Es gab freilich auch viele beeindruckende Überraschungen: Immer wieder kam es vor, dass eine Firma auf gezielte Nachfrage die Ware einfach als Spende deklarierte, ohne einen Cent zu verlangen, einmal sogar im Wert von 10.000 Euro. Vergelts Gott! So füllten sich unsere Sammelgaragen immer mehr und wir konnten schon bald an die Planung des Transportes denken, um Zollpapiere vorzubereiten und die hochwertigen Pakete zum vereinbarten Treffpunkt in Przemyszl an der polnisch-ukrainischen Grenze zu bringen. Zur festgelegten Zeit würden die ukrainischen Pfadfinder ihrerseits mit ausreichend Fahrzeugen über die Grenze kommen und das Equipment übernehmen.

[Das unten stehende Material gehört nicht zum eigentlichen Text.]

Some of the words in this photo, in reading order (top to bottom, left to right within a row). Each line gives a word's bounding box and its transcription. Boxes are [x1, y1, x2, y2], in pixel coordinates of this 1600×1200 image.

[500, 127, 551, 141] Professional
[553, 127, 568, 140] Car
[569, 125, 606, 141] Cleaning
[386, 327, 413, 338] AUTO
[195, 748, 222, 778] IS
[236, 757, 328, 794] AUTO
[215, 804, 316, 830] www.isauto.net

Weil wir unsere Pfadfinderfreunde nicht nur materiell unterstützen wollten, kam uns die Idee, jedes Paket mit einem ukrainischen Gebetszettel auszurüsten. Jedes Erste-Hilfe-Päckchen sollte nicht nur etwas für die Gesundheit des Leibes enthalten, sondern auch eine geistliche Stärkung. Wir baten darum Pater Polykarp, den ehemaligen Bundeskurat der ukrainischen KPE, uns ein passendes Gebet auf Ukrainisch zu schicken. Zusammen mit einer Ikone von ukrainischen Heiligen packte ein Helferteam diese Gebetszettelchen in München in die Hilfslieferungen.

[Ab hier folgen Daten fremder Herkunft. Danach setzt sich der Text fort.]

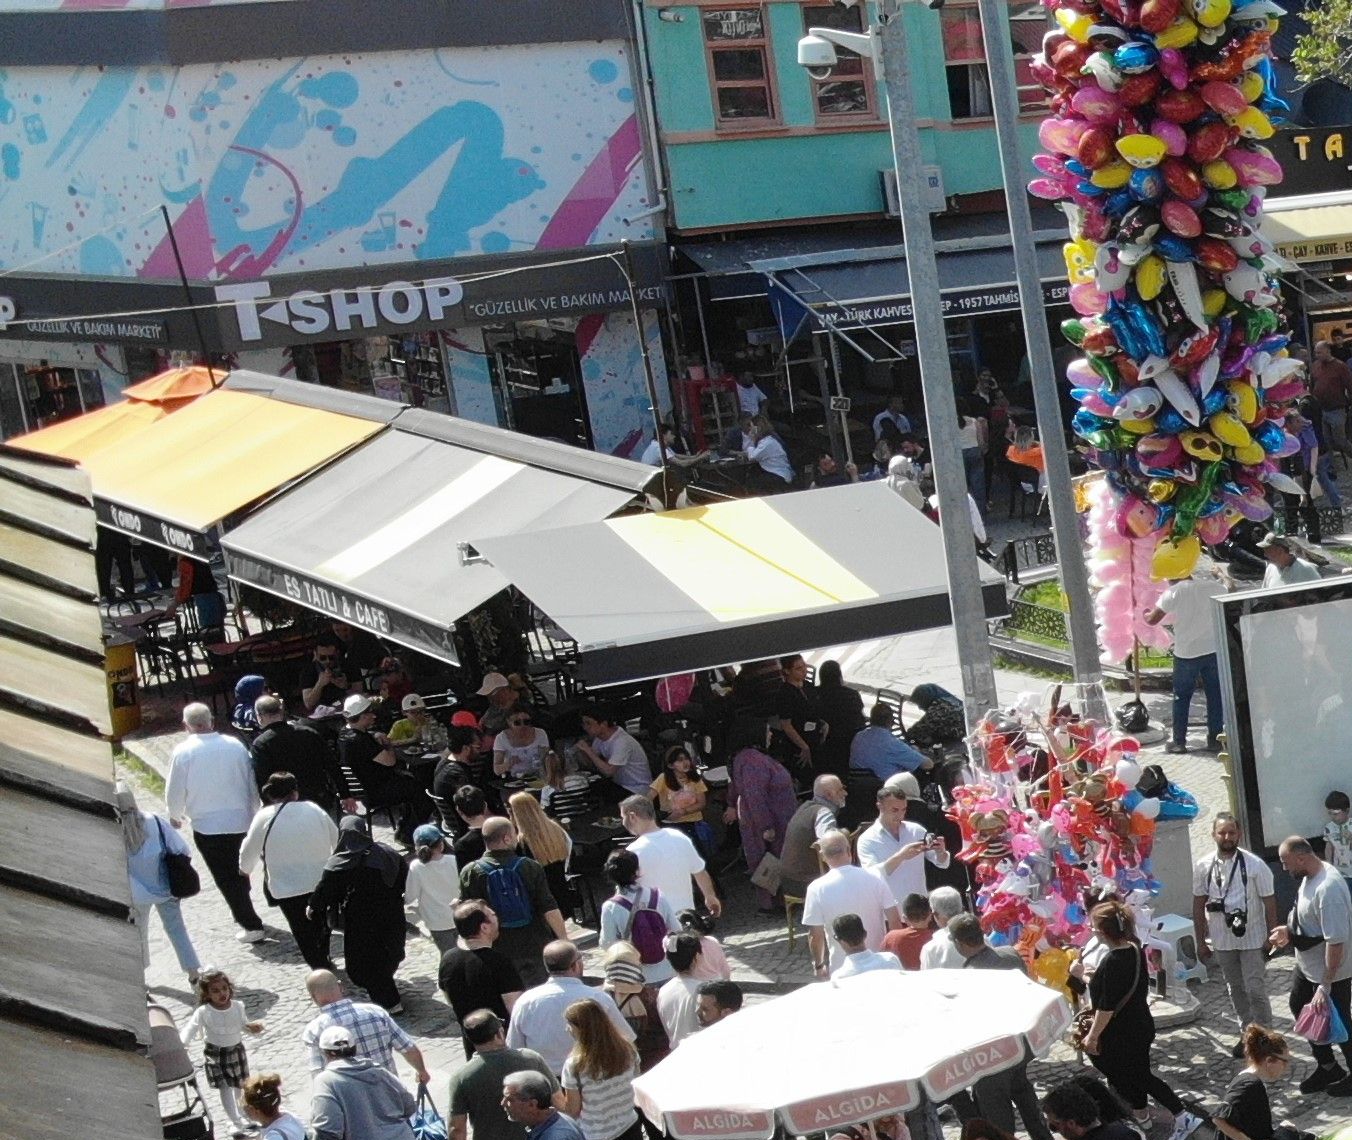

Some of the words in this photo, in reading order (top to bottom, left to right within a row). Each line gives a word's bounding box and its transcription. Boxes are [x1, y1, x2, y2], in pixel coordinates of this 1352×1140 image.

[540, 296, 557, 310] VE
[561, 292, 604, 309] BAKIM
[959, 296, 982, 309] 1957
[873, 304, 914, 320] KAHVES
[284, 574, 301, 599] ES
[303, 580, 338, 613] TATLI
[341, 596, 352, 618] &
[355, 600, 388, 633] CAFE

Jetzt endlich konnte es losgehen. Mit vier Fahrern starteten die beiden Lieferwagen Richtung Osten. Das Timing war perfekt, die Übergabe in Polen klappte reibungslos. Es war bewegend zu sehen, wie sehr man sich über simple Dinge gefreut hat. Verbandsmaterial, das Leben rettet, Stirnlampen, die denjenigen, die in Bunkern ausharren, etwas Licht geben, und vieles mehr. Zugleich war es bedrückend zu wissen, dass unsere Freunde nun den gefährlichen Teil der Reise antreten mussten. Dennoch feierten wir den Erfolg noch beim internationalen ukrainisch-polnisch-deutschen Abendessen, auf dem Rückweg dankten wir in Tschenstochau der Muttergottes für die gelungene Aktion und vertrauten gleichzeitig die ganze Ukraine ihrem mütterlichen Schutz an.
Inzwischen haben uns auch erste dankbare Rückmeldungen aus dem Kriegsgebiet erreicht. Wie man auf Fotos sehen kann, wurde mit den Stoffen, die wir geliefert haben, von fleißigen Babuschkas Erste-Hilfe-Taschen genäht und mit unseren Verbandsmaterialien befüllt. Rettungsteams haben Feuerwehrhelme erhalten, Krankenhäuser mit Medikamenten versorgt. Wir hoffen, dass auf diese Weise unser Hilfstransport die schrecklichen Folgen dieses Krieges ein wenig mildert.
Beten wir auch weiterhin für einen schnellen und stabilen Frieden in der Ukraine!